When you’ve been working with nf-core pipelines for a while, you often will get very used to many of the convenience functionality offered by the wider nf-core infrastructure.

One such thing is the centralised nf-core/configs repository of pre-configured configuration files that allow nf-core pipelines to run optimally on institutional clusters via the -profile parameter, e.g. -profile uppmax. A list of existing institutional profiles can be seen on the nf-core website.

One great thing about nf-core/configs is that they aren’t just restricted to nf-core pipelines, they can also be used in fully fledged ‘unofficial’ nf-core pipelines but also in your own custom mini-scripts and pipelines!

Here we will describe the four things you will need to do in your custom script or pipeline to use nf-core institutional configs.
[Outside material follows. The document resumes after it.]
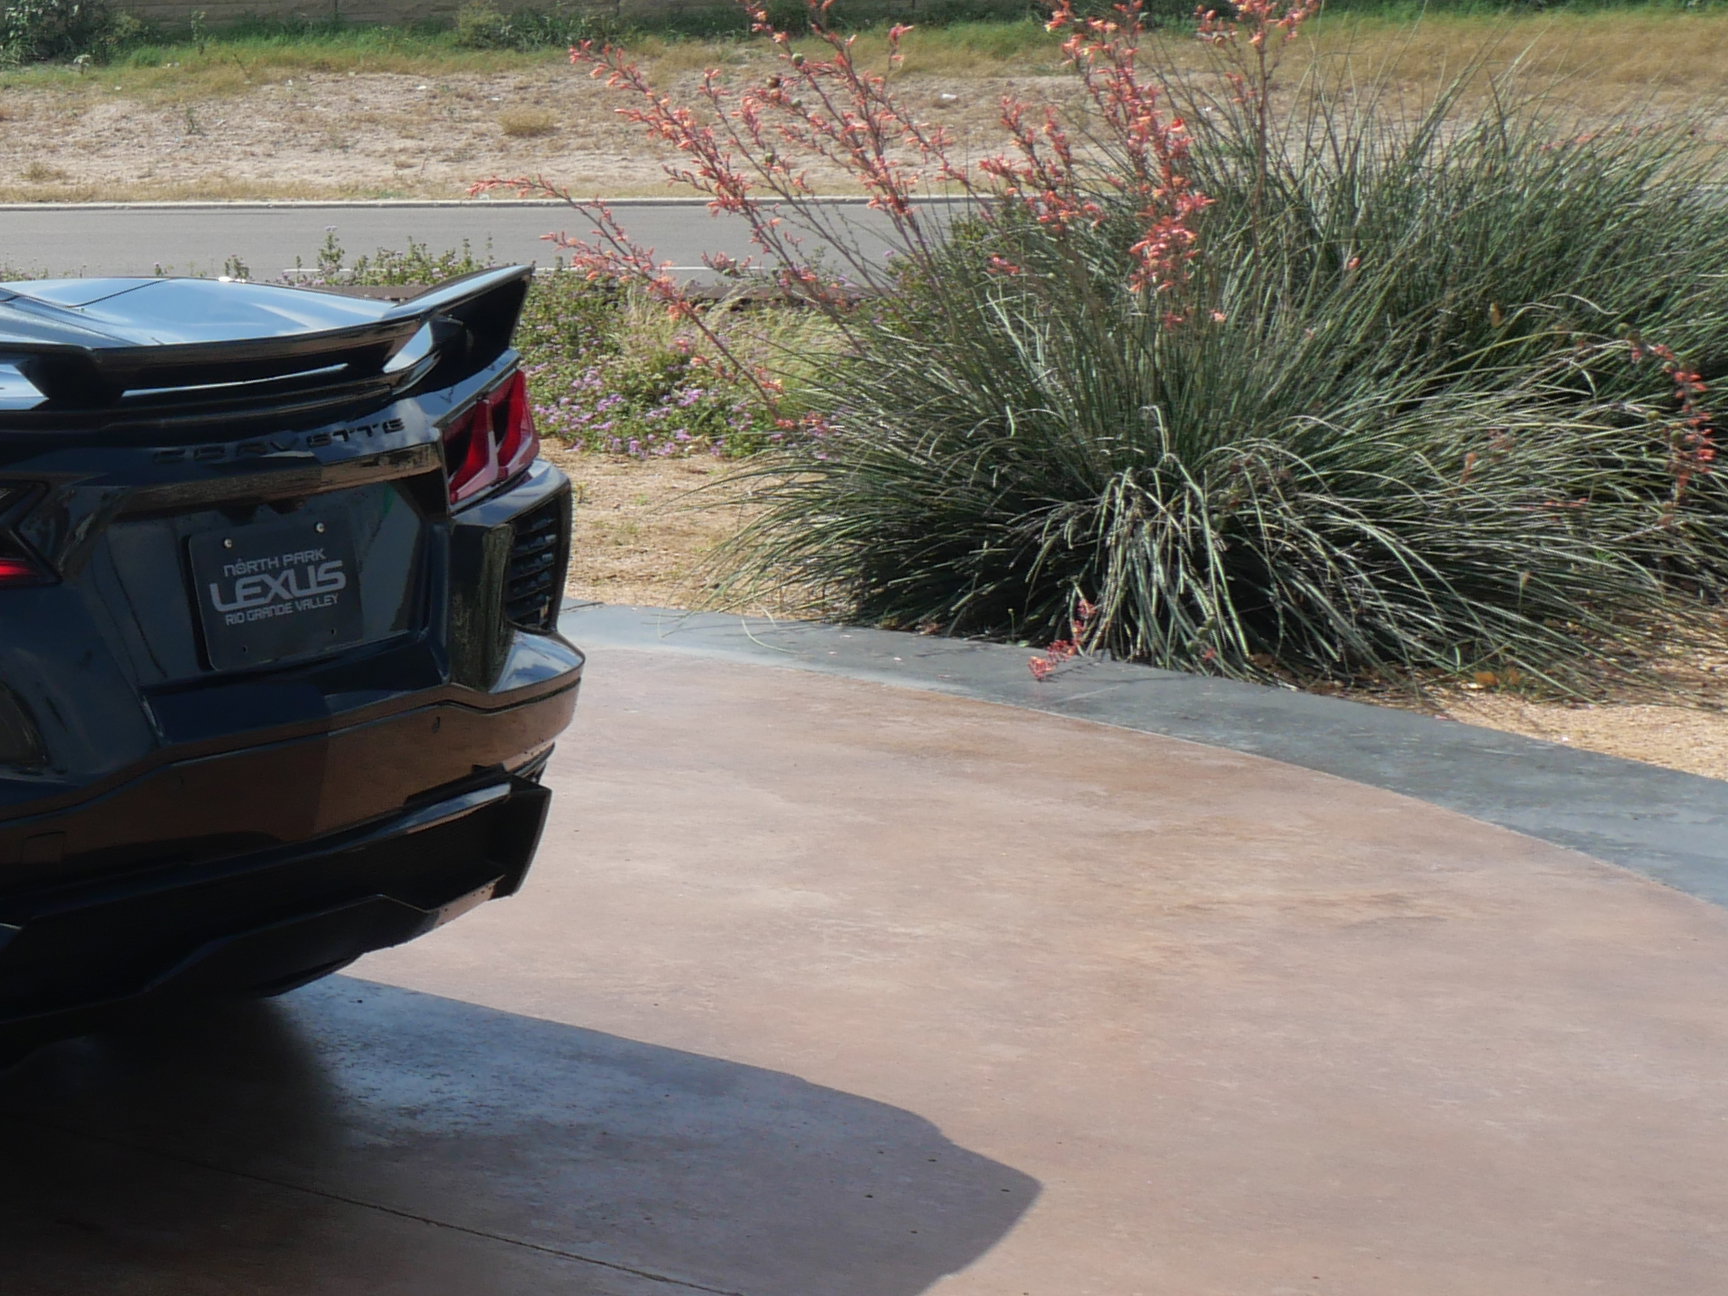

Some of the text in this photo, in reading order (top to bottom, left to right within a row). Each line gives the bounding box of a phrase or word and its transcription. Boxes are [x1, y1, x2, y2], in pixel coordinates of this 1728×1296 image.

  1. Set default basic resources for all processes, e.g. in a conf/base.config

At the bare minimum, the file should contain:

process {
    cpus   = { check_max( 1    * task.attempt, 'cpus'   ) }
    memory = { check_max( 7.GB * task.attempt, 'memory' ) }
    time   = { check_max( 4.h  * task.attempt, 'time'   ) }
}

(or other sensible default values)

For a more sophisticated base.config, see the full nf-core template

  1. Load the base config in the nextflow.config

The following should be placed outside all scopes:

includeConfig 'conf/base.config'
  1. Load nf-core’s institutional profile repository in the pipeline’s nextflow.config
// Load nf-core custom profiles from different Institutions
try {
    includeConfig "https://raw.githubusercontent.com/nf-core/configs/master/nfcore_custom.config"
} catch (Exception e) {
    System.err.println("WARNING: Could not load nf-core/config profiles: https://raw.githubusercontent.com/nf-core/configs/master/nfcore_custom.config")
}

Note nf-core pipelines use a parameter for the URL to allow debugging.

  1. Finally Add the the check_max function to nextflow.config

The following should be placed outside all scopes, typically at the bottom of the file:

// Function to ensure that resource requirements don't go beyond
// a maximum limit
def check_max(obj, type) {
    if (type == 'memory') {
        try {
            if (obj.compareTo(params.max_memory as nextflow.util.MemoryUnit) == 1)
                return params.max_memory as nextflow.util.MemoryUnit
            else
                return obj
        } catch (all) {
            println "   ### ERROR ###   Max memory '${params.max_memory}' is not valid! Using default value: $obj"
            return obj
        }
    } else if (type == 'time') {
        try {
            if (obj.compareTo(params.max_time as nextflow.util.Duration) == 1)
                return params.max_time as nextflow.util.Duration
            else
                return obj
        } catch (all) {
            println "   ### ERROR ###   Max time '${params.max_time}' is not valid! Using default value: $obj"
            return obj
        }
    } else if (type == 'cpus') {
        try {
            return Math.min( obj, params.max_cpus as int )
        } catch (all) {
            println "   ### ERROR ###   Max cpus '${params.max_cpus}' is not valid! Using default value: $obj"
            return obj
        }
    }
}

With this, you should be able to run nextflow run mainf.nf -profile <your_institutional_profile>, and your custom script/pipeline should integrate nicely with your cluster!